To Terri, James's manner and appearance had come as a surprise. The man Eula Price and Lou Mauriani had described to her was fleshy and bombastic, with a voice which wafted multisyllabic phrases with the resonance of a church organ. But this Yancey James was quiet and reflective, with the hollowed-out look of a man who had lost weight too quickly, perhaps because of illness. His neck was a loose crepe of skin, his face smoother but close to gaunt. The life in his eyes had vanished.

Terri herself was wary—fearful that James might know some fact that exploded Payton's confession, or pointed to Rennell's guilt; concerned that her need to establish James's incompetence might keep him from talking. "About the Price case," she began, "I wasn't there. I just need to know what you know, for better or worse. And how the case looked to you."

This elicited the wisp of a smile, which briefly touched his eyes. "You don't have to be so kindly, Ms. Paget. The A.G.'s folks already been sniffin' around, sayin' how you gonna be bad-mouthing me in court—them hopin' I'd tell them how great I'd done for Rennell Price." His voice was weary. "Everybody's tiptoein' up to me like I'm mentally ill, like if they say somethin' mean—or even truthful—I might go postal. Or maybe just break down weepin'."

Terri smiled. "Then I'll skip the niceties. If you want to tell me how you screwed up this case, it's okay by me. You're Rennell's last chance of living."

James gave a rueful shake of the head. "Odds are it's the only chance I'll ever give him. Just wish I could remember more—fifteen years was a long time ago, even without a wicked cross-addiction to Jack Daniel's and cocaine." He turned to the park again, gaze distant, speaking softly. "Know what it's like to be sober, and disbarred? It's like wakin' up in your car in your own garage, but the windshield's busted so bad you can't see out and the hood's all bent out of shape. And all you can do is sit there and wonder how it happened and why you're still alive, 'cause you can't remember drivin' home."

"What do you remember?"

James's eyes narrowed. "The grandmother," he said at length, "when I told her the boys were in trouble, and I needed more money to investigate. The fear in her eyes gave me a moment of remorse. Maybe even two."

Terri watched his profile; he seemed to study the park less from interest than from the wish not to look at her. "Did you investigate?" she asked.

"Me?

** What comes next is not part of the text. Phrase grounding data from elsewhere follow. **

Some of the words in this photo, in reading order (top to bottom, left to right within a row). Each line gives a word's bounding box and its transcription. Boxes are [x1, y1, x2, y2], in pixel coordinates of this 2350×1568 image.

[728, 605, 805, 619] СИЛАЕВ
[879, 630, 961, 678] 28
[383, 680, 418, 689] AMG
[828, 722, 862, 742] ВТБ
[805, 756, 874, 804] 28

At no time. I hired another cokehead, a so-called investigator named Rufus Cross, who kicked back half his fees to me. Don't imagine he did squat, either." He paused, an ironic resignation seeping into his voice. "You're welcome to look at my files."

For whatever good they would be, Terri thought. "What do you remember about Rennell?"

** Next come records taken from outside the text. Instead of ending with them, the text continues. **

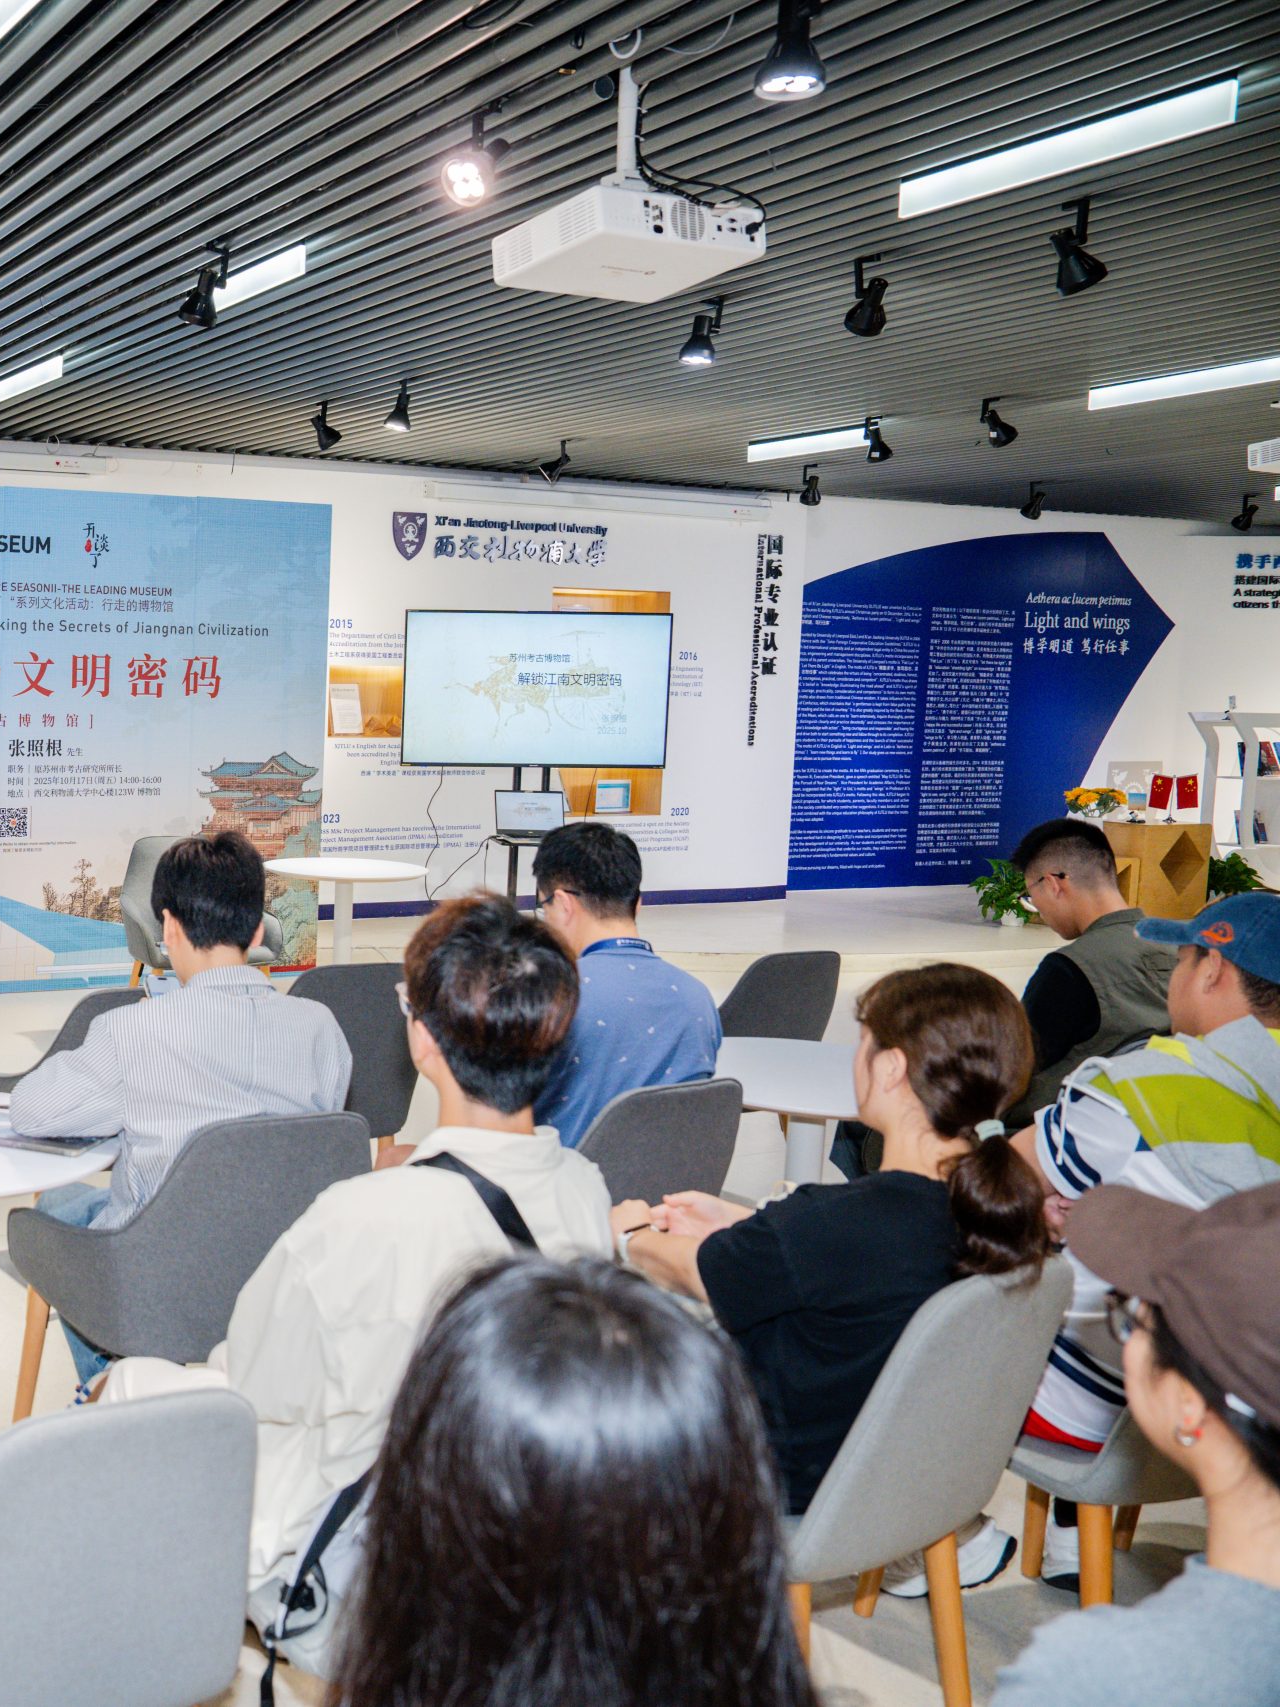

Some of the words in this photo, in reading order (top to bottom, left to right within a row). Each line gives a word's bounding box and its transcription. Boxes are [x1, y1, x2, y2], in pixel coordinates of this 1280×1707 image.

[559, 522, 608, 538] University
[754, 533, 767, 604] International
[83, 584, 128, 596] LEADING
[129, 586, 173, 597] MUSEUM
[1233, 588, 1242, 596] A
[1026, 592, 1061, 604] Aethera
[1072, 593, 1098, 605] lucem
[1098, 595, 1133, 608] petimus
[32, 619, 55, 632] the
[59, 619, 111, 633] Secrets
[116, 621, 129, 634] of
[133, 621, 194, 638] Jiangnan
[198, 622, 269, 637] Civilization
[329, 619, 353, 629] 2015
[1024, 611, 1060, 634] Light
[1064, 611, 1089, 629] and
[1093, 613, 1131, 636] wings
[750, 605, 763, 669] Professional
[509, 653, 571, 663] 苏州考古博物馆
[679, 652, 698, 661] 2016
[517, 672, 622, 687] 解锁江南文明密码
[747, 671, 760, 747] Accreditations
[8, 738, 63, 758] 张照根
[671, 808, 690, 816] 2020
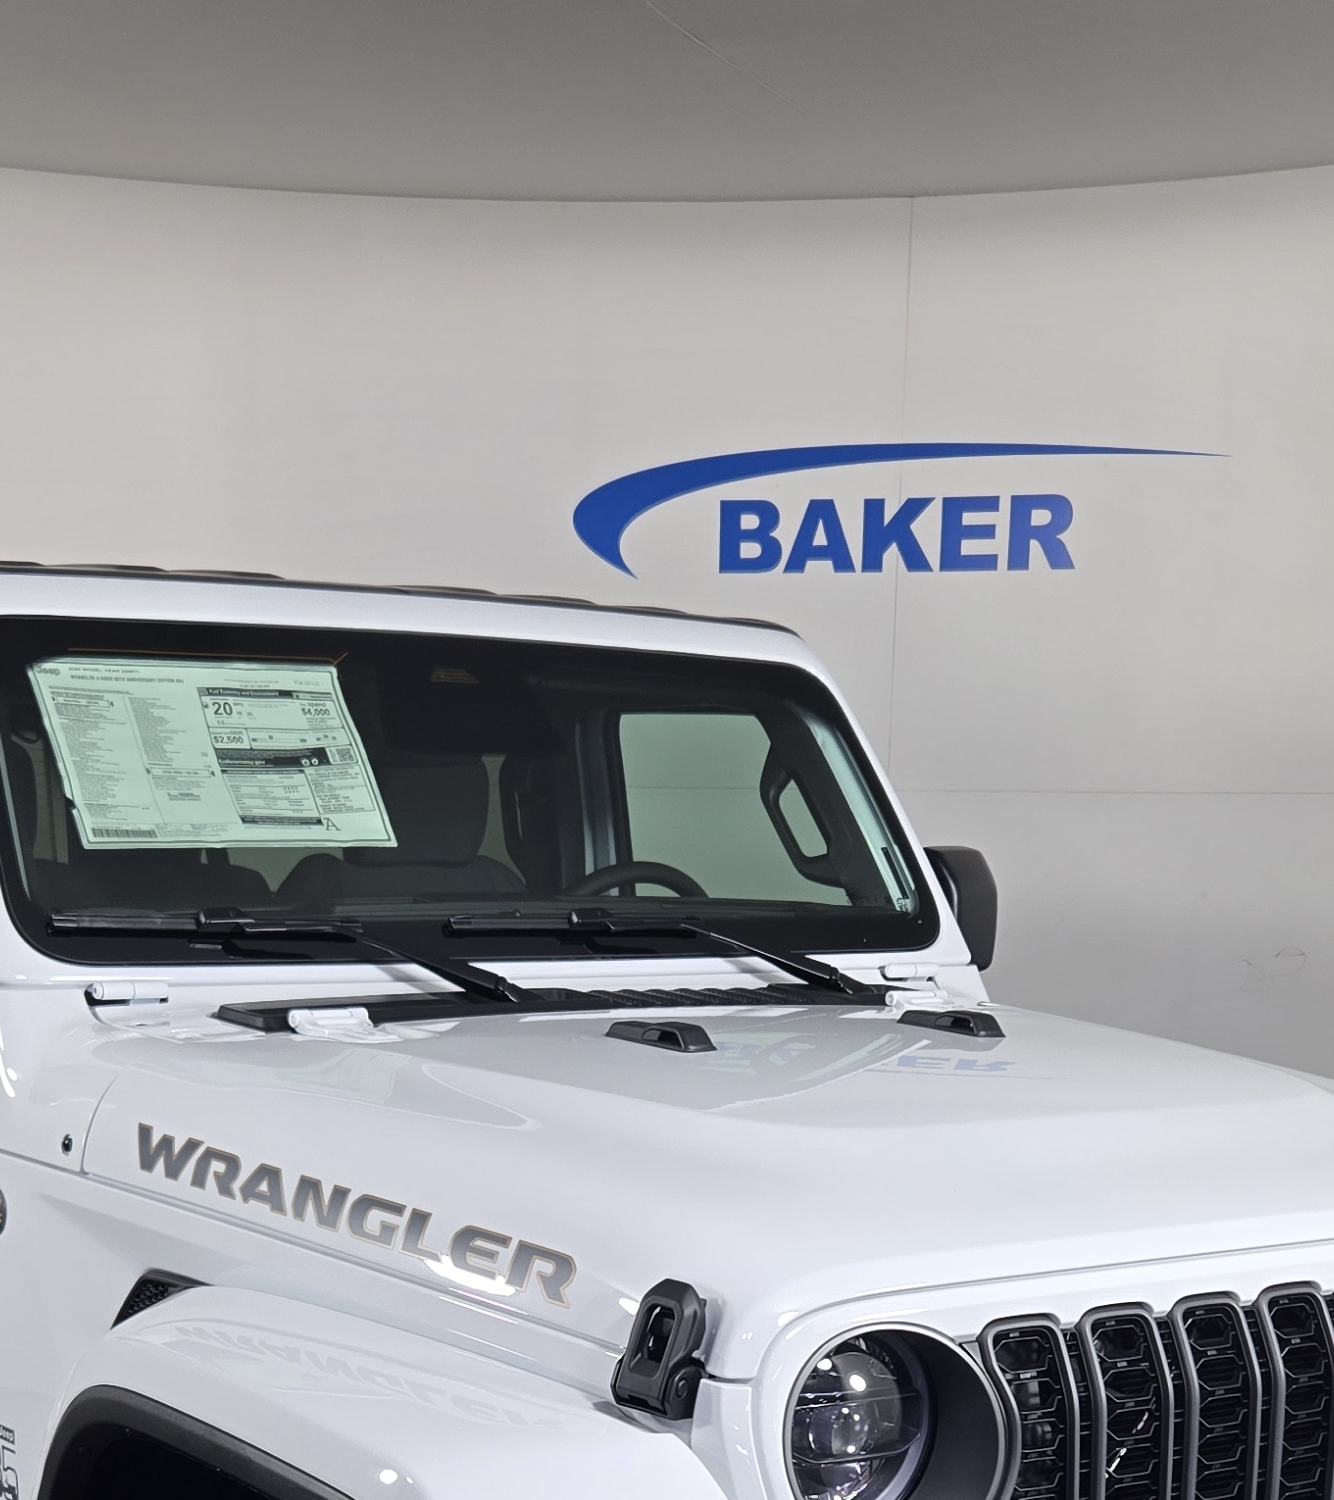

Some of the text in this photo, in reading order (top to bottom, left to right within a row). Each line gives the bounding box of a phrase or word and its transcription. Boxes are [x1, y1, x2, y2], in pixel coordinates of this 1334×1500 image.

[719, 494, 1075, 573] BAKER
[212, 702, 233, 716] 20
[301, 708, 331, 717] $4,000
[213, 736, 244, 744] $2,500
[138, 1122, 577, 1309] WRANGLER
[0, 1426, 14, 1442] Jeep

"Nothing much. Never said nothin', really. Just looked right through me. I remember thinkin', Here he is charged with chokin' a nine-year-old on his own come, and he don't give a damn."

The image of Rennell at eighteen, inexorably headed toward a fate he was too impaired to see, hit Terri hard. "Did you consider that he might be retarded?"

"Retarded?" James spoke the word with bemusement and, it seemed, a touch of self-reproach. "He acted like a guilty man stickin' to his big brother's story, and waitin' for Payton to find him a way out. Maybe if I'd ever met with him alone . . ."

In an even tone, Terri said, "A 'way out' like asking a snitch to kill Eddie Fleet?"

"That's right. Hard to feel like that reflected well on either one of them."

"What about Eddie? Ever take a hard look at him?"

James seemed to study a homeless man at the center of the park, painstakingly folding a raveled blanket to stuff it in the garbage bag he used to carry his possessions. "What I remember," he said vaguely, "is tryin' to figure out his deal with the cops. Never found out that it was anything more than what all of them said it was—he'd testify, and Mauriani would consider that before charging him as an accessory."

"What about Fleet's story itself—that Rennell helped to dispose of the body. Didn't you wonder about that?"

"No," James said flatly.

Something new in his manner gave Terri pause. With some reluctance, she asked, "Why was that?"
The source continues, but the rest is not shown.